Saturday, March 28, 2015

It’s okay, things gonna be alright.


   At some point of my life, there came a time when I got really mad to my brother. He was called the “black sheep” of the family. I hated him for a being a rebel. He would go out with his peers for how many days without even asking permission from our parents. He drank alcohol and even involved to physical fights thus bringing so much stress to our family. We were always worried of him being hurt because of his behavior, which sometimes prevent us from sleeping all night. Before, he seldom does those things, until it worsened and he started doing a lot of more complicated things, in taking harmful substances.
                I thought he was our family’s headache, the cause of the problem. Because he was bad and taking so much attention from us, a pain in the ass. We were stressed because of him and it’s in his attitude where the problem lies. But getting into college was a different thing.

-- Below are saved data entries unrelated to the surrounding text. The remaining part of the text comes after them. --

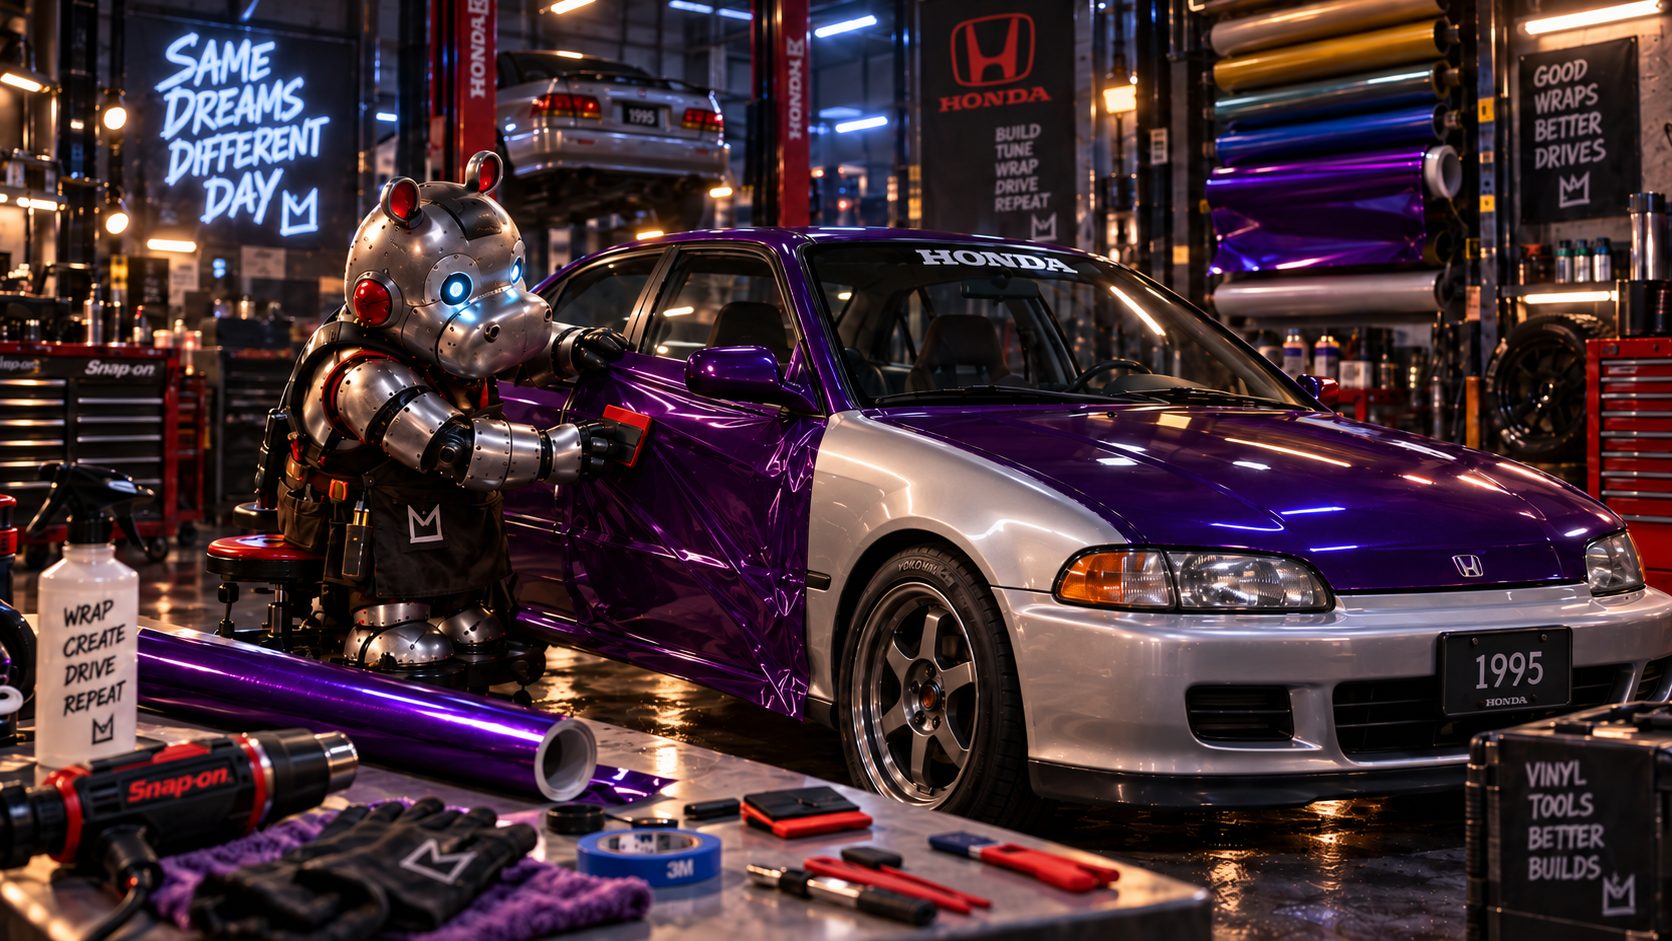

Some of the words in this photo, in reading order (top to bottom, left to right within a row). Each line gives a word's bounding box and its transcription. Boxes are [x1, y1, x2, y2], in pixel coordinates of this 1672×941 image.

[154, 32, 276, 92] SAME
[470, 15, 486, 98] HONDA
[1533, 59, 1588, 87] GOOD
[160, 76, 304, 140] DREAMS
[939, 86, 1051, 112] HONDA
[1534, 82, 1599, 115] WRAPS
[628, 108, 656, 125] 1995
[1535, 111, 1603, 143] BETTER
[995, 123, 1042, 142] BUILD
[164, 116, 331, 186] DIFFERENT
[994, 140, 1035, 159] TUNE
[1535, 138, 1607, 169] DRIVES
[994, 158, 1040, 177] WRAP
[200, 167, 284, 225] DAY
[995, 176, 1039, 195] DRIVE
[994, 191, 1052, 213] REPEAT
[915, 249, 1079, 274] HONDA
[84, 359, 156, 378] Snap-on
[64, 599, 114, 627] WRAP
[63, 624, 126, 657] CREATE
[64, 655, 117, 687] DRIVE
[1475, 651, 1544, 689] 1995
[63, 680, 126, 717] REPEAT
[1486, 696, 1528, 707] HONDA
[127, 767, 228, 803] Snap-on
[1525, 760, 1588, 788] VINYL
[1527, 792, 1595, 821] TOOLS
[1528, 823, 1605, 851] BETTER
[666, 859, 694, 879] 3M
[1528, 855, 1602, 881] BUILDS

There is just so much information and explanations for the things that I was not able to understand before. I’m not saying that I already know everything, but at least I know now that there is something wrong with what I thought was right in the past. I had a glimpsed of the reality which I was blinded before, that it was not his fault alone. And like every members of our family, he was also a victim of stress. And we are all at fault and a patient at the same time.

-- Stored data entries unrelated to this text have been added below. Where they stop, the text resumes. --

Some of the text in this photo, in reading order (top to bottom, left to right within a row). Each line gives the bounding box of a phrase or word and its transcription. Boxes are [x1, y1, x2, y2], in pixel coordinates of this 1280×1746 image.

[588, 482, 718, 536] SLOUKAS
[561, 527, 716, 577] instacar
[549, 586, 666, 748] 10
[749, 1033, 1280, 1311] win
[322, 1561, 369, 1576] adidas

                According to the book Filipino Children under Stress written by Maria Lourdes Carandang of Ateneo De Manila University, there is this thing she called symptomatic behavior, frequently seen in child, as signal of some stress, or conflict, within the family system. There were some case studies in her book where kids experienced so much pressure from the family and odd behaviors were observed.
                As the family experienced problem, maybe financially or within their relationships to each other, it is impossible for any member not to feel it. Every changes happening in an individual inside the family will affect the other, and sometimes the weakest carry all the weight of these conflicts. The problem is not the real problem. But it is how the family handles the problems. Some families don’t discuss it, as if the problem will just disappear like a magic even without confronting it. While the parents crumble upon facing the stress, the children start to acquire a superpower, the power of invisibility. They become the last of priorities and least on the lists of those needing their attention. The children starts to feel like an extra baggage in the family, things were not explained and stress were taken out unto them. The parents may not discuss that there is problem, but all members knew it, they could feel and there is always someone who’s going to shout out for help. It becomes their channel of expressing the pressure, to get their parent’s attention.  Their way shouting, asking for help to save their family.

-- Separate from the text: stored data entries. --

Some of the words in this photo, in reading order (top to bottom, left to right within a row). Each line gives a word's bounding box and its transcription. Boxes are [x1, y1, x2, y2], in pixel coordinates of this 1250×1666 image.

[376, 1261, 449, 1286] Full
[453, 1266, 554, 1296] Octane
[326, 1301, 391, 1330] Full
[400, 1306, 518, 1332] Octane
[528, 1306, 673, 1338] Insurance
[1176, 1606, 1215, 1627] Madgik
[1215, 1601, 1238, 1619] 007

                In treating the child whom experienced the breakdown, the family must cooperate and realize that all of them have a problem to address. They must support one another to overcome the problem. While it’s still early, let us learn how to listen to listen to each other’s unspoken cries, before it’s too late.
                As I tried to think back, there was really something wrong in our family during the developing years of my brother. All those years, what he got from my parents were scolding, anger and aloofness from his siblings. He didn’t received what he really needed from us, love and understanding. I didn’t know that he was once a little boy, with a vulnerable heart and in need of attention.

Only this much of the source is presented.